| WHAT THIS TASK INVOLVES |
Set down the data that follows, exactly and completely.

EXERCISE INPUTS START

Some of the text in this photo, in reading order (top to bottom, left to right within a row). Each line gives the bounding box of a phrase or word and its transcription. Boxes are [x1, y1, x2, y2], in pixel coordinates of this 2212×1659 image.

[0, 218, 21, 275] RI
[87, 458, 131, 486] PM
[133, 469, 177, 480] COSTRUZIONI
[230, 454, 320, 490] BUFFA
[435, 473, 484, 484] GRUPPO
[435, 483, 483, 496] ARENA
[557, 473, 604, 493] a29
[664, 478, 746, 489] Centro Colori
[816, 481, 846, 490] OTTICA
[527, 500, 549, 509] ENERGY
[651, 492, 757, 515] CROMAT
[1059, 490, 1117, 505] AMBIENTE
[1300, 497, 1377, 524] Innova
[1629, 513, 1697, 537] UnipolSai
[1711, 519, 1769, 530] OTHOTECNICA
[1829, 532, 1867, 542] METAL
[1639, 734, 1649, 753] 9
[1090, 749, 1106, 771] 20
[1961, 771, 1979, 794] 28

EXERCISE INPUTS END

| ANSWER FOR THIS EXERCISE |
Some of the text in this photo, in reading order (top to bottom, left to right within a row). Each line gives the bounding box of a phrase or word and its transcription. Boxes are [x1, y1, x2, y2], in pixel coordinates of this 2212×1659 image.

[0, 218, 21, 275] RI
[87, 458, 131, 486] PM
[133, 469, 177, 480] COSTRUZIONI
[230, 454, 320, 490] BUFFA
[435, 473, 484, 484] GRUPPO
[435, 483, 483, 496] ARENA
[557, 473, 604, 493] a29
[664, 478, 746, 489] Centro Colori
[816, 481, 846, 490] OTTICA
[527, 500, 549, 509] ENERGY
[651, 492, 757, 515] CROMAT
[1059, 490, 1117, 505] AMBIENTE
[1300, 497, 1377, 524] Innova
[1629, 513, 1697, 537] UnipolSai
[1711, 519, 1769, 530] OTHOTECNICA
[1829, 532, 1867, 542] METAL
[1639, 734, 1649, 753] 9
[1090, 749, 1106, 771] 20
[1961, 771, 1979, 794] 28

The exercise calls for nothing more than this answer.